I could easily have been convinced that this was a burial ground for some of Danville’s finest, rather than a place to revel in the joys of the Christmas season. It was only upon reaching Starbuck’s that I realized life did exist in this complex of Prozacian wonderlands....well, sort of.
Weary from the trek through the museum and the walk around the mall, looking for signs of sentient life, I found the buzz of America’s most familiar coffee house a bit of a relief. In fact, there appeared to be more definitive human creatures in this one caffeinated spot, celebrating what appeared to be a respite from the inanimate environs of the shopping center, than there appeared to be in the entire mega-market, theatre, and all.

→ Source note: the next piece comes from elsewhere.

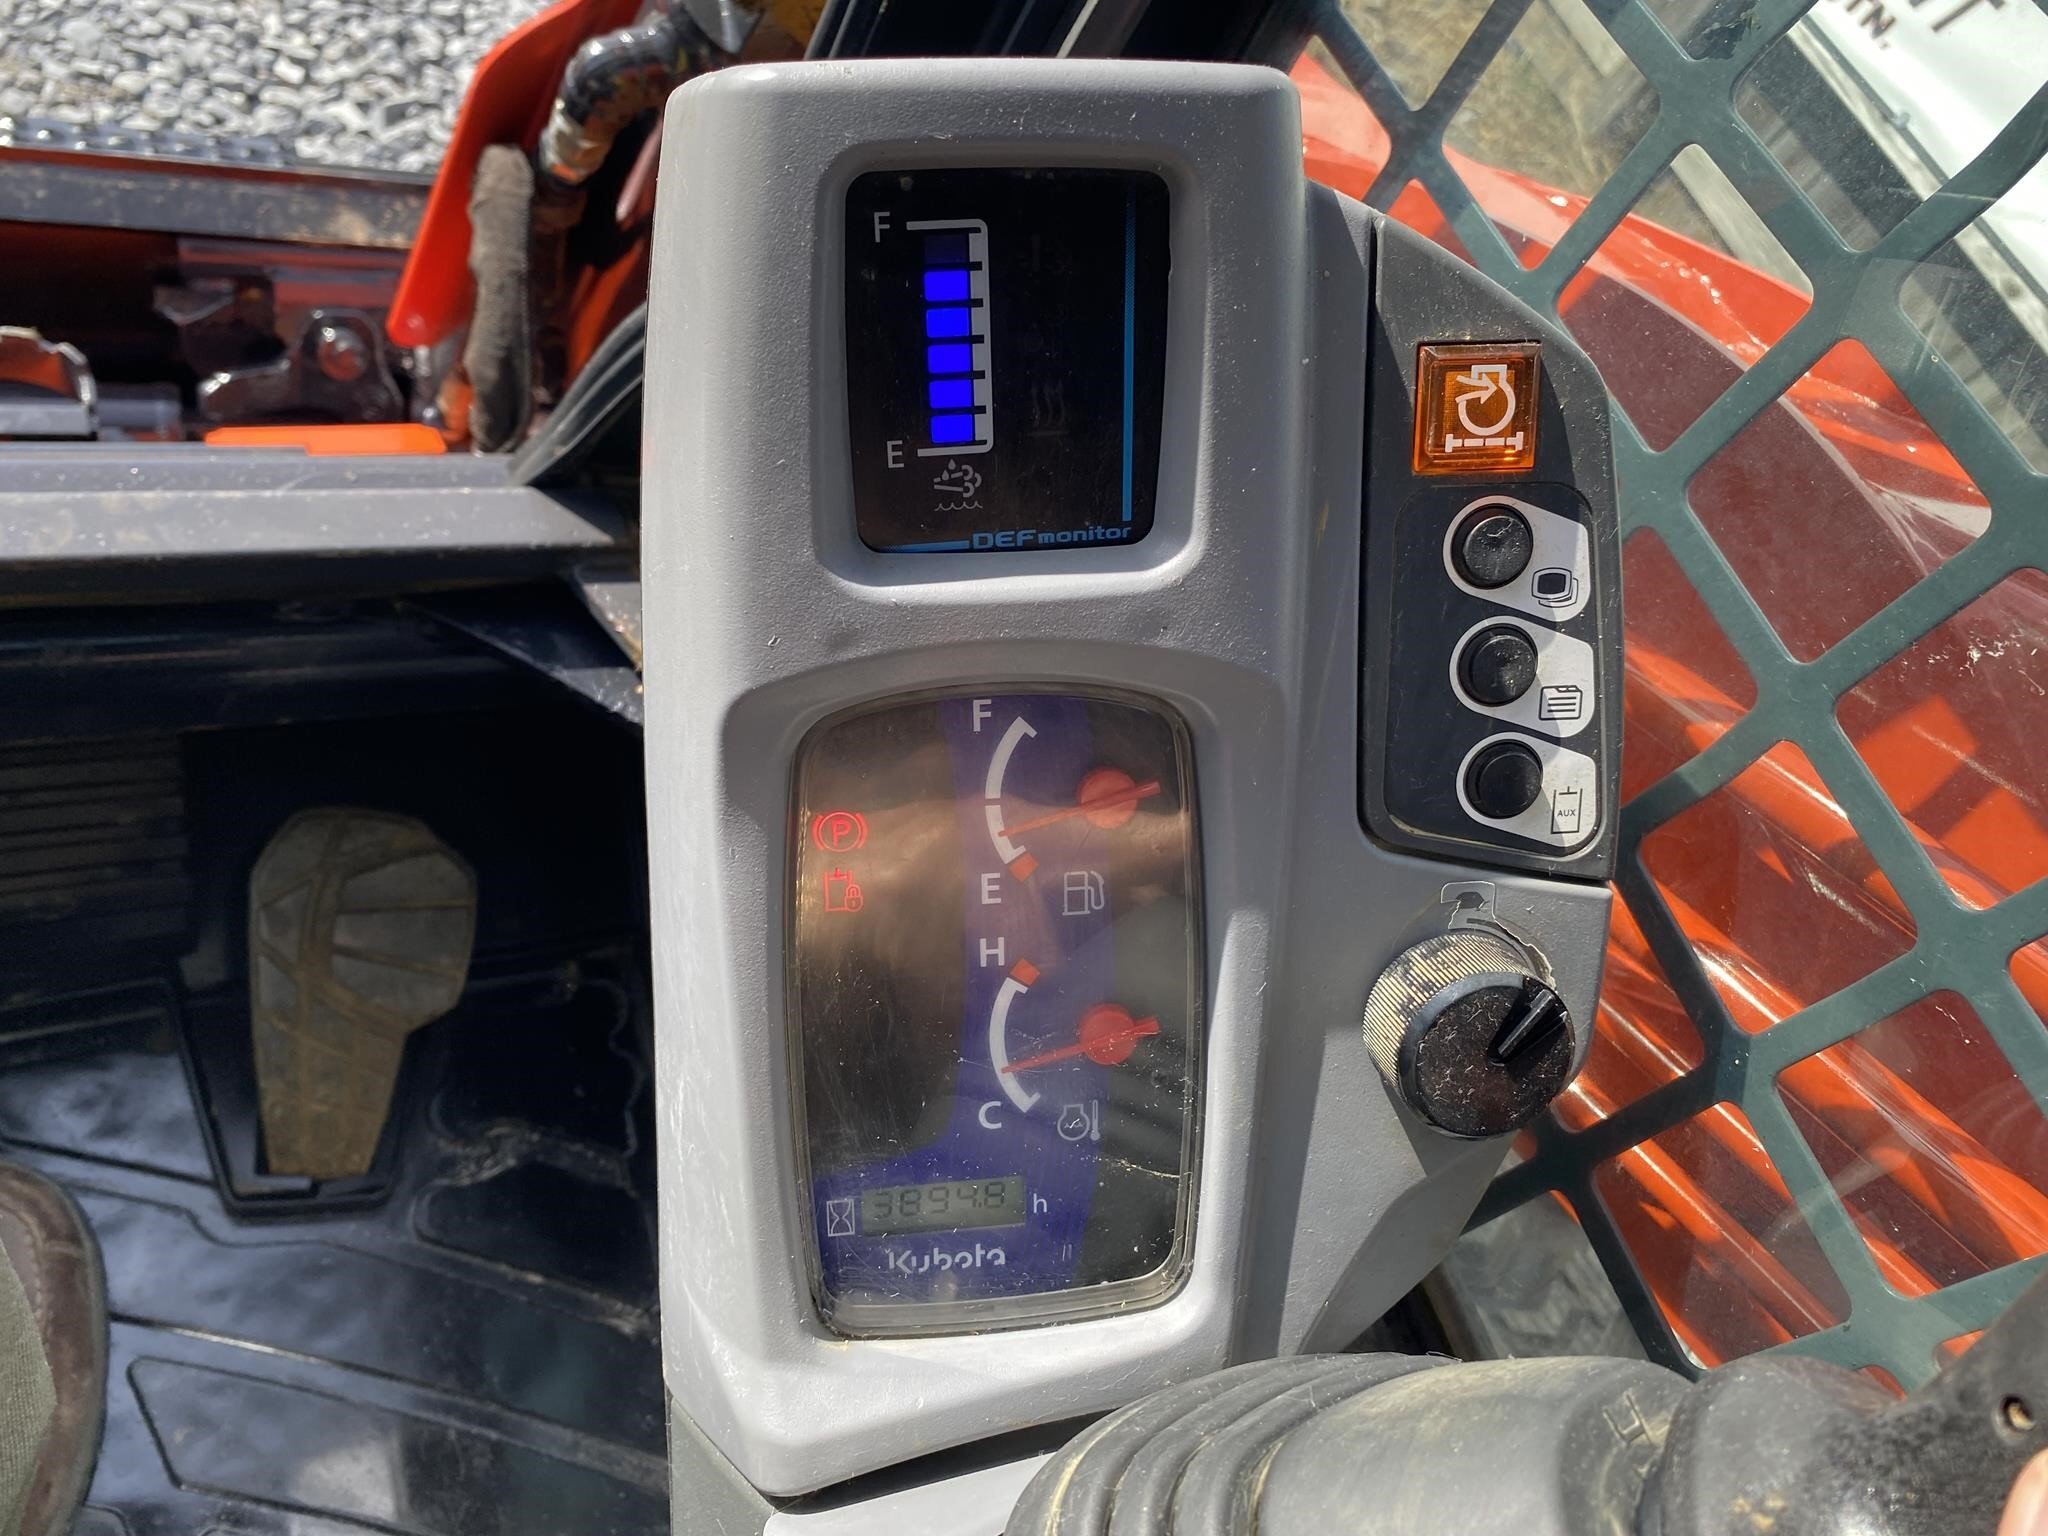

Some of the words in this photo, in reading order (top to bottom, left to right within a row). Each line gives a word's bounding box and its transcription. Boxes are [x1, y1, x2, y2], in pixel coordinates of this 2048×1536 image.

As I sat there, eyes half shut, I could hear the cacophonous chatter of the caff-heads yakking full blast. Yes, this is where the ‘real America’ doth dwell. Even the ubiquitous laptops could not quench the rumble of blabber coming at me in octaphonic surround sound. Despite the ambient racket, certain phrases were quite discernible...mainly beginning with ‘I’ and moving on to ‘want,’ or ‘need,’ with several 'apps,' making their way through the sonic boom of it all.Sitting and sipping, I started to dwell on the meaning of our afternoon in the afterlife at the mallsaleum. Even the vintage cars and the wondrous model trains with their meticulously detailed landscapes were part of a testament to an expired era. After all, where other than the mallsoleum, should such an exhibit, where deceased automobiles meet archaic hobbies... live and die, as the case may be?
As for the good people of Danville: I have no idea what goes on beyond the borders of the ponds, fountains, and vanilla fantasyland of that mallifilous experience. And I don’t mean to cast aspersions on a population that harbors a hefty percentage of doctors. After all, it is they who keep us alive, though after a trip to the Danville Mallsaleum, one can never be quite sure.